Almost 30 Women Accuse Paris Street Artist Of Rape, Sexual Assault

But feminists have taken to crossing out the word "love" on the murals and replacing it with "rapist". 

Picture of graffiti reading "The rapist roams the streets", posted on Twitter by Neon Magazine, which spoke to several of the plaintiffs in late June. Photo Credit : @neon_mag, Twitter

Paris police are investigating accusations by 28 women that a street artist in the historic Montmartre neighbourhood raped or sexually assaulted them in what has been described as a systematic, years-long pattern of targeting and manipulating teen girls and young women.

A group of twenty-five women aged between 19 and 49 lodged a collective complaint on Tuesday, seen by AFP, in which they described Wilfrid A as a "sexual predator" who played on his fame as part of a well-oiled routine to assault his victims over the course of a decade.

The collective complaint was filed after three other women filed individual complaints.

Neon, a news and trends magazine aimed at young people, had published on June 22 the accounts of sixteen women, some of whom were underage at the time, describing rape and sexual assault.

The street artist became a local star after the Paris terror attacks in November 2015 when his most famous tag "Love roams the streets" became a symbol of Parisian resilience and hope. 

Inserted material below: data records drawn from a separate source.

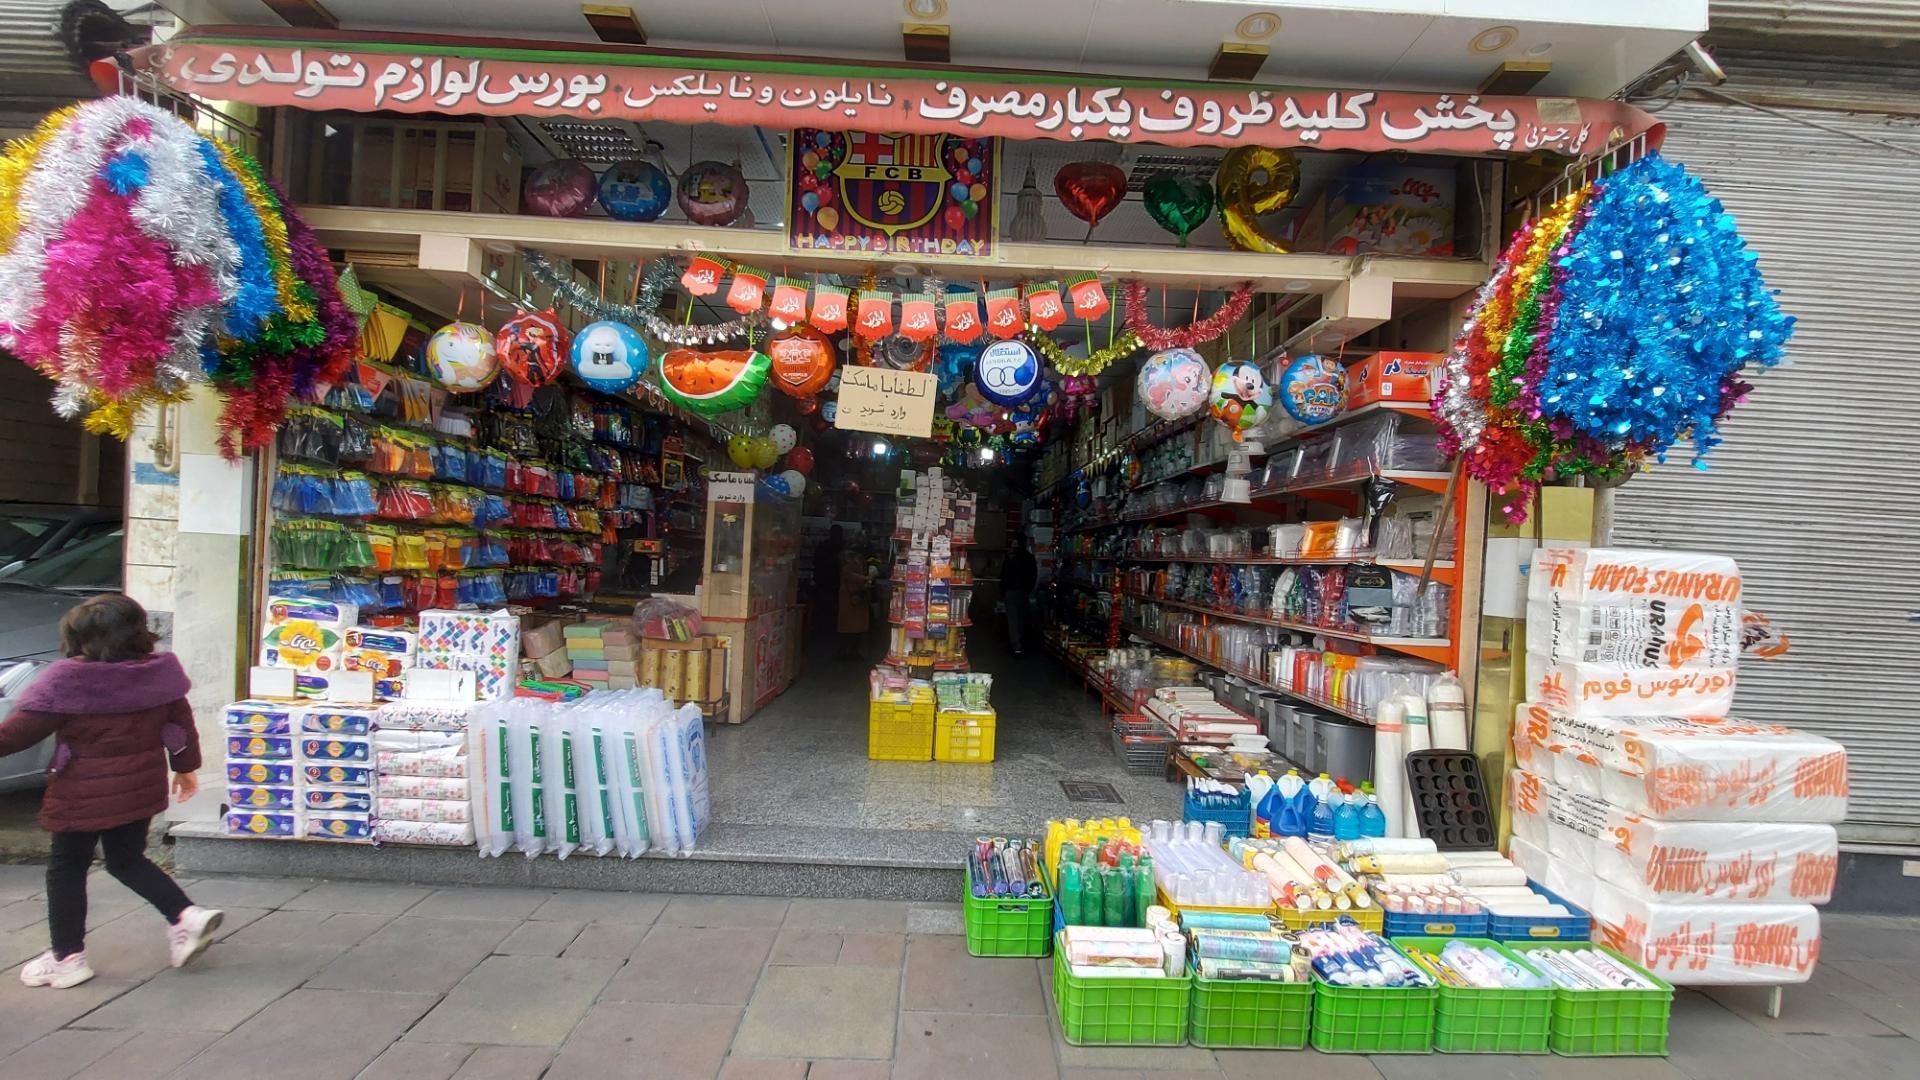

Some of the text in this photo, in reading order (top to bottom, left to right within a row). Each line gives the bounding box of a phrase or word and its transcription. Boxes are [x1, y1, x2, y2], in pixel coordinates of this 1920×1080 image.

[180, 48, 366, 98] تولدی
[374, 57, 481, 106] لوازم
[477, 71, 606, 112] بورس
[622, 73, 753, 111] نایلکس
[756, 84, 773, 104] و
[779, 81, 893, 116] نایلون
[919, 81, 1047, 125] مصرف
[1138, 89, 1274, 137] ظروف
[1279, 92, 1375, 142] کلیه
[1380, 95, 1516, 149] پخش
[863, 167, 923, 181] FCB
[797, 233, 985, 256] HAPPY BIRTHDAY
[842, 369, 878, 392] ماسک
[860, 402, 885, 418] شوید
[890, 405, 907, 420] وارد
[1589, 563, 1742, 602] URANUS FOAM
[1583, 669, 1736, 701] اورانوس فوم

But feminists have taken to crossing out the word "love" on the murals and replacing it with "rapist". 

Wilfrid A would walk up to mostly very young women in the street, often in the famous Montmartre artist quarter where he lives, the women alleged in the complaint.

He would compliment them and suggest they model for his photographs or become the face of his brand. 

Once they arrived at his "studio", which turned out to be his home, the street artist would offer them alcohol or drugs. He would then become aggressive or violent, they said. 

Valentine Reberioux, a lawyer representing several of the plantiffs, said they didn’t report the alleged assaults to police at the time out of fear that they wouldn’t be believed, or that he would publish nude photos of them, or because they felt responsible for allowing themselves to be abused and manipulated.

 

'Frenetic hunt'

"Wilfrid A appears to have been on a tireless, even frenetic, hunt for very young women for at least a decade," Neon alleged in its article.

Investigators opened an inquiry on June 26, shortly after the publication of the magazine's initial article.

"An inquiry doesn't begin in a magazine but in a police station," Wilfrid A's lawyer Joseph Cohen-Sabban told AFP. 

"My client is willing to explain himself to investigators," Cohen-Sabban said, adding that the street artist has been threatened since the publication of the article.

The accusations come as women’s rights groups are protesting French President Emmanuel Macron’s decision this week to appoint a man who is facing a rape investigation as interior minister, and a lawyer who has ridiculed the #MeToo movement as justice minister. 

Macron and his prime minister have defended the staffing choices. Protests were held in Paris on Tuesday and more are planned around France on Friday.